HGF Accelerates Wound Healing by Promoting the Dedifferentiation of Epidermal Cells through beta(1)-Integrin/ILK Pathway

Skin wound healing is a critical and complex biological process after trauma. This process is activated by signaling pathways of both epithelial and nonepithelial cells, which release a myriad of different cytokines and growth factors. Hepatocyte growth factor (HGF) is a cytokine known to play multiple roles during the various stages of wound healing. This study evaluated the benefits of HGF on reepithelialization during wound healing and investigated its mechanisms of action.

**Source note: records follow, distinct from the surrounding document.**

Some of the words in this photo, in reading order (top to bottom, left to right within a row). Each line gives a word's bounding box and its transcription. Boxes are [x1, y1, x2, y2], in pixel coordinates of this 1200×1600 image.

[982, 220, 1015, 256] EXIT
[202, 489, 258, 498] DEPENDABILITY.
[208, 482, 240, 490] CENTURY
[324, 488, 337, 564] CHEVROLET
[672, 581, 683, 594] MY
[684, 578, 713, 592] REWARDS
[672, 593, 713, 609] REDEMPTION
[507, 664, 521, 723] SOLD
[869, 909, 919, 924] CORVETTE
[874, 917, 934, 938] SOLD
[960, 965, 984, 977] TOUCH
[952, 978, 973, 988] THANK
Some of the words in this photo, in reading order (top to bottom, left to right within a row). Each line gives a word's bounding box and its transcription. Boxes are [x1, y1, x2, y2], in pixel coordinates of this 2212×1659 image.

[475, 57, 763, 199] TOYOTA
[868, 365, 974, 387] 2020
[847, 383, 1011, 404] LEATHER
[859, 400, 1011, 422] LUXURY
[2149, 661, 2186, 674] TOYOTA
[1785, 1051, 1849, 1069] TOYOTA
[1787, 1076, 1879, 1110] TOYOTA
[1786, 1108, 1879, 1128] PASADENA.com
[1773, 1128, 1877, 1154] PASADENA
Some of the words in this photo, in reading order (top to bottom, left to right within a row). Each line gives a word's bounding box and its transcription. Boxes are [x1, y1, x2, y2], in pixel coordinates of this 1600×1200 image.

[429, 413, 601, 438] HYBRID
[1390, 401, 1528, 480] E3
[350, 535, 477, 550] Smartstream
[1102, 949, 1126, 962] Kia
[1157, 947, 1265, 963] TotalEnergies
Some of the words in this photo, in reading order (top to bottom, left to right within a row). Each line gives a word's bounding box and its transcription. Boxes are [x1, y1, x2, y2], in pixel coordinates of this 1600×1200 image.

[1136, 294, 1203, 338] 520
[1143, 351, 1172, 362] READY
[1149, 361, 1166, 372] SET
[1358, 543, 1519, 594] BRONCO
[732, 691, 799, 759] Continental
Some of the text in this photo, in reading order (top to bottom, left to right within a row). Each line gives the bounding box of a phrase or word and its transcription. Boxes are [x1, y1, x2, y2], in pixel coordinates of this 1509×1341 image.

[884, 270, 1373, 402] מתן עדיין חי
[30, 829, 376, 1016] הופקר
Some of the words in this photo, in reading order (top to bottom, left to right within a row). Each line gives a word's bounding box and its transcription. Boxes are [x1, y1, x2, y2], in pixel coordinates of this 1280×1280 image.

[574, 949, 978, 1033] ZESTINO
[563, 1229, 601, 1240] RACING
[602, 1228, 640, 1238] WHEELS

Gross and histological results showed that HGF significantly accelerated reepithelialization in diabetic (DB) rats. HGF increased the expressions of the cell adhesion molecules beta(1)-integrin and the cytoskeleton remodeling protein integrin-linked kinase (ILK) in epidermal cells in vivo and in vitro. Silencing of ILK gene expression by RNA interference reduced expression of beta(1)-integrin, ILK, and c-met in epidermal cells, concomitantly decreasing the proliferation and migration ability of epidermal cells. beta(1)-Integrin can be an important maker of poorly differentiated epidermal cells. Therefore, these data demonstrate that epidermal cells become poorly differentiated state and regained some characteristics of epidermal stem cells under the role of HGF after wound. Taken together, the results provide evidence that HGF can accelerate reepithelialization in skin wound healing by dedifferentiation of epidermal cells in a manner related to the beta(1)-integrin/ILK pathway.